En lo tocante a Larry solía tener buen cuidado de no dejarse comprometer.
—¿Cuándo? —preguntó Larry, algo sorprendido ante la concesión.
Mamá, advirtiendo haber cometido un error táctico, bajó cautamente las Recetas fáciles de Rajputana.
—Pues creo que lo más sensato sería que tú fueras por delante, querido, a preparar el terreno.
Después nos escribes, y si me dices que aquello está bien, nos vamos todos —dijo astutamente.

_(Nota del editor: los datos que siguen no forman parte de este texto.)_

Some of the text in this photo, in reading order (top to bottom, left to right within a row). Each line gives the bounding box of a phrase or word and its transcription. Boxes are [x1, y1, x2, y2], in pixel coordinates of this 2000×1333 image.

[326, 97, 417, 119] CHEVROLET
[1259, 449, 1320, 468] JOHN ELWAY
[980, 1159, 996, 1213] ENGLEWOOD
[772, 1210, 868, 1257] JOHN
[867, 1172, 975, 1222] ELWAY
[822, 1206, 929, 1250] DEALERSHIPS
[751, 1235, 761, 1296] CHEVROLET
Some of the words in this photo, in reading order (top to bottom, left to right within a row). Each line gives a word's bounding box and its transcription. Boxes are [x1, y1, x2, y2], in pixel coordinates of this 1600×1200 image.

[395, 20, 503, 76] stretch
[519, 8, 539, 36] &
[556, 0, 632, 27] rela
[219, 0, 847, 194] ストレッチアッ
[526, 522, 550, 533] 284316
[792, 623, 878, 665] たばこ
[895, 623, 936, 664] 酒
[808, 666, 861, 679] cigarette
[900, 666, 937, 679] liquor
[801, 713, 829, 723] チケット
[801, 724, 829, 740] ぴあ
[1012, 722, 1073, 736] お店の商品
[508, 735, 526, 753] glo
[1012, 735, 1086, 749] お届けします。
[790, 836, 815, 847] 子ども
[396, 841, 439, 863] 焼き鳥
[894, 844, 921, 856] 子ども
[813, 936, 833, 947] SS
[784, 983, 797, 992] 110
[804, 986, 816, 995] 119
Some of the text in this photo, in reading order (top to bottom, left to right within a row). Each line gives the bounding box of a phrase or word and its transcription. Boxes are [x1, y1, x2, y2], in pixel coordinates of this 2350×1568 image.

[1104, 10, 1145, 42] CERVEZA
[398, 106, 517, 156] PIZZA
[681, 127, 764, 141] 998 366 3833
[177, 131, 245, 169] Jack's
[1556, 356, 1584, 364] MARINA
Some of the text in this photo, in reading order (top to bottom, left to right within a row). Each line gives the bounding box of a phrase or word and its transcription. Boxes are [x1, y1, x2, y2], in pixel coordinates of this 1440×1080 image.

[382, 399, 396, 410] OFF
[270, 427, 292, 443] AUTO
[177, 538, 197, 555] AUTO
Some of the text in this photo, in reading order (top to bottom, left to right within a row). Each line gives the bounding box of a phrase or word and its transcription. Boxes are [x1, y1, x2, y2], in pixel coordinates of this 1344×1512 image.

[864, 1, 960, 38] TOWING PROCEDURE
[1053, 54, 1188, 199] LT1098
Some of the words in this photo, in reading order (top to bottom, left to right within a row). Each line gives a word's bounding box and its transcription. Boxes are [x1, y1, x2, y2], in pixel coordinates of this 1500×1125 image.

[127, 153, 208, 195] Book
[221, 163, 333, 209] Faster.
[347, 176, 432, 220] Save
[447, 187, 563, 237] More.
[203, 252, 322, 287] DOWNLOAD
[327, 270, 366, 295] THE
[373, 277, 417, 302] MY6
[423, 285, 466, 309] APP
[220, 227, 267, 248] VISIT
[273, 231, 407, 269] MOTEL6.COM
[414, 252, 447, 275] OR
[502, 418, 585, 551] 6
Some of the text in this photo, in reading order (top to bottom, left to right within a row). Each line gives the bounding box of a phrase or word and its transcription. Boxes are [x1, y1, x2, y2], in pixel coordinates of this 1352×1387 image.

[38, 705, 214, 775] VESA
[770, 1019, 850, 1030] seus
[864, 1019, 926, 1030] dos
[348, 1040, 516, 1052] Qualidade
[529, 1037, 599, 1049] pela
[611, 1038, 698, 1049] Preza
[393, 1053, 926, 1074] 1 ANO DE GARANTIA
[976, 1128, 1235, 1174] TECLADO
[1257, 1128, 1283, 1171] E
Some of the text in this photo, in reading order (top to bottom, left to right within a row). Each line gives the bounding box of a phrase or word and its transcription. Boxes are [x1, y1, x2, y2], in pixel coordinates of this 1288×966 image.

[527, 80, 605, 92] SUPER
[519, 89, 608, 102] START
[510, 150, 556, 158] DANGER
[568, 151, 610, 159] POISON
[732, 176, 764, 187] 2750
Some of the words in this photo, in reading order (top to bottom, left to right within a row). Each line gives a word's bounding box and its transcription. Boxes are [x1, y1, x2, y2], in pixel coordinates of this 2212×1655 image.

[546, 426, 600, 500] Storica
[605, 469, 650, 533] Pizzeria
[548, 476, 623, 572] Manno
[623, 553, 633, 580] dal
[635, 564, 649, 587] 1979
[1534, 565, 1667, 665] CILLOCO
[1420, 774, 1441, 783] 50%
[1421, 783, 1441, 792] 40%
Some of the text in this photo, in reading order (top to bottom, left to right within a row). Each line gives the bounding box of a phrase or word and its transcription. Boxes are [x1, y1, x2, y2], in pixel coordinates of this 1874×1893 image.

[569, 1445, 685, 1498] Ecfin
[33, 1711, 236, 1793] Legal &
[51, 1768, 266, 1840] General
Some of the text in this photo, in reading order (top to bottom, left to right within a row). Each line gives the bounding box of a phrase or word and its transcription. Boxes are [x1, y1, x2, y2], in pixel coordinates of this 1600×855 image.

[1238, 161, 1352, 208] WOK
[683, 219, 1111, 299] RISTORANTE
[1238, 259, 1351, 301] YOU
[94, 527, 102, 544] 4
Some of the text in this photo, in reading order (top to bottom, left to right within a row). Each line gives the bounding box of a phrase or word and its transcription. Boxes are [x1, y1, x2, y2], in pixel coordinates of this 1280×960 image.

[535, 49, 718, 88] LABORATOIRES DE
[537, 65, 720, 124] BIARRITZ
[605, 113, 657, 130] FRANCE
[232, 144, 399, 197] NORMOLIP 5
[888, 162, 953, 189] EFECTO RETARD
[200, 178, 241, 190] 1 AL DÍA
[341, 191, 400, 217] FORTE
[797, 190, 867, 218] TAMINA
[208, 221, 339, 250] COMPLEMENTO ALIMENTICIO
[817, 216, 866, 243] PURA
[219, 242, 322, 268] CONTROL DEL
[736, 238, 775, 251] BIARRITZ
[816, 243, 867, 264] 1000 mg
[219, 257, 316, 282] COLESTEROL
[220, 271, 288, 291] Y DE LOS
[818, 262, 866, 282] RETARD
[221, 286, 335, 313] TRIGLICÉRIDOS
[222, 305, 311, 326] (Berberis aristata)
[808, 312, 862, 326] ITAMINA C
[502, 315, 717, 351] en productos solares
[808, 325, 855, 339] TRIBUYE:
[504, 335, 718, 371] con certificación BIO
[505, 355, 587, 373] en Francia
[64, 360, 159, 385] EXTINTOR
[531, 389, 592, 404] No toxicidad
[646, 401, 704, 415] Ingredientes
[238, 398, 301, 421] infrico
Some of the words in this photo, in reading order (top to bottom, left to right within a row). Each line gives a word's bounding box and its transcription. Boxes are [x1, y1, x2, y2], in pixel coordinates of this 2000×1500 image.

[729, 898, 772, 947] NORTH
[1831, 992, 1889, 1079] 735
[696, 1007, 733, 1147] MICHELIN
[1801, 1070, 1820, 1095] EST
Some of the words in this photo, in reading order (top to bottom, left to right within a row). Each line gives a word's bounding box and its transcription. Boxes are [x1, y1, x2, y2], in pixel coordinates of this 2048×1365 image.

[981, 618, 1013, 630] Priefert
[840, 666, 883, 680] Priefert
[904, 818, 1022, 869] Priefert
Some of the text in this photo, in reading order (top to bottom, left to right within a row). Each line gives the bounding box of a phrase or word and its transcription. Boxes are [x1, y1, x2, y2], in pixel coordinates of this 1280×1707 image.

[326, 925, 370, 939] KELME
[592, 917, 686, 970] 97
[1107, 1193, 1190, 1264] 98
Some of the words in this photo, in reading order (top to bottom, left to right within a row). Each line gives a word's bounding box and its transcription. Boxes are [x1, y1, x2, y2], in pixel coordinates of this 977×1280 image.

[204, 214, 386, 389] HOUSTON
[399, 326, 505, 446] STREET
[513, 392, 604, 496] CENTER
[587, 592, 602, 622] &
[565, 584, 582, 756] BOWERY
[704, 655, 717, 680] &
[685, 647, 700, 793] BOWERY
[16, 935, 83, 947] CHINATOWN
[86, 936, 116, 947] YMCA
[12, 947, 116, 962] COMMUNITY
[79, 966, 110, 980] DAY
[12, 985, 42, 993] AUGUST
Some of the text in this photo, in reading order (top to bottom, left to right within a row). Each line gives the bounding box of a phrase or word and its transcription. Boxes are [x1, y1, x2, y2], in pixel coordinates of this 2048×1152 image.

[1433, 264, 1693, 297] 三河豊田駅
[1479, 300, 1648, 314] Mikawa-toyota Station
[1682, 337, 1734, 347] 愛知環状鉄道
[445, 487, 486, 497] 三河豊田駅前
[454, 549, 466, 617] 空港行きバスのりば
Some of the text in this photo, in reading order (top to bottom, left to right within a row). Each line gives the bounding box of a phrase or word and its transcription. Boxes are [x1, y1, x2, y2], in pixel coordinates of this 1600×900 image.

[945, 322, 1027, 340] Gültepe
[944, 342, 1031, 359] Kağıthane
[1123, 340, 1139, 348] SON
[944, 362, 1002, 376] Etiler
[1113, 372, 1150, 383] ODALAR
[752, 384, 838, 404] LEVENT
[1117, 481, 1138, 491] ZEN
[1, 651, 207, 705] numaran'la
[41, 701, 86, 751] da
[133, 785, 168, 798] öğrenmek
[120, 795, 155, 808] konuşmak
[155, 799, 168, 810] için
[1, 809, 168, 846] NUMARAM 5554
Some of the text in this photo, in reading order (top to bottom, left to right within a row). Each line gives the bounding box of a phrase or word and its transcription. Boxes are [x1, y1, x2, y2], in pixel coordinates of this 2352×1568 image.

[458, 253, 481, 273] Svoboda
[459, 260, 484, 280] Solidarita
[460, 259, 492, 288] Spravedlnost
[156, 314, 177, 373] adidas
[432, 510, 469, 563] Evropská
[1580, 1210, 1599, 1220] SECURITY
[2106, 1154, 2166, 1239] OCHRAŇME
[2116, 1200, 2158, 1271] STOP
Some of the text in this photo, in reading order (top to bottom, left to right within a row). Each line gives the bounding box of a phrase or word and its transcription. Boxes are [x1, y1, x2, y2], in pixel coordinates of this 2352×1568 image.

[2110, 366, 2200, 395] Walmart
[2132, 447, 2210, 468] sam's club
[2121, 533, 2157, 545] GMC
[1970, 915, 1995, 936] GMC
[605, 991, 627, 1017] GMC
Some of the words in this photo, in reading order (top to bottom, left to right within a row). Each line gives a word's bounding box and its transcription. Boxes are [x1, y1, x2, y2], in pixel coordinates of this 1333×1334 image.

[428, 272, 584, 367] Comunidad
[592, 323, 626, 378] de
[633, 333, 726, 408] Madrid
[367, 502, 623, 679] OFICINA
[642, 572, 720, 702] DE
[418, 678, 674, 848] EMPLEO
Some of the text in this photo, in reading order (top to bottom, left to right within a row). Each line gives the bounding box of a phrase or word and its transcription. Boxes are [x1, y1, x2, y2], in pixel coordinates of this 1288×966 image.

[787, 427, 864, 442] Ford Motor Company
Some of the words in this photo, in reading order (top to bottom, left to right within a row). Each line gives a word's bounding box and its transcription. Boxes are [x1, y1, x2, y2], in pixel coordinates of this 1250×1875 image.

Larry la miró con desmayo.
—Lo mismo dijiste cuando propuse ir a España —le recordó—, y dos meses interminables me pasé
sentado en Sevilla esperando que aparecieseis, mientras vosotros no hacíais más que escribirme
kilométricas cartas sobre el alcantarillado y el agua de beber, como si yo fuera el secretario del
Ayuntamiento o algo así. No; si vamos a Grecia, iremos todos a la vez.
—Exageras, Larry —dijo Mamá en tono ofendido—; de cualquier forma, yo no me puedo ir así como
así. Hay cosas que hacer en esta casa.
—¿Cosas? ¿Qué cosas, diablos? Véndela.
—Pero hijo, no puedo —dijo Mamá, escandalizada.
—¿Por qué no?
—Porque acabo de comprarla.
—Mejor: así la vendes a estrenar.
—No seas ridículo, querido —dijo Mamá con firmeza—; eso ni pensarlo. Sería una locura.
De modo que vendimos la casa y huimos del triste verano inglés, como una bandada de golondrinas
migratorias.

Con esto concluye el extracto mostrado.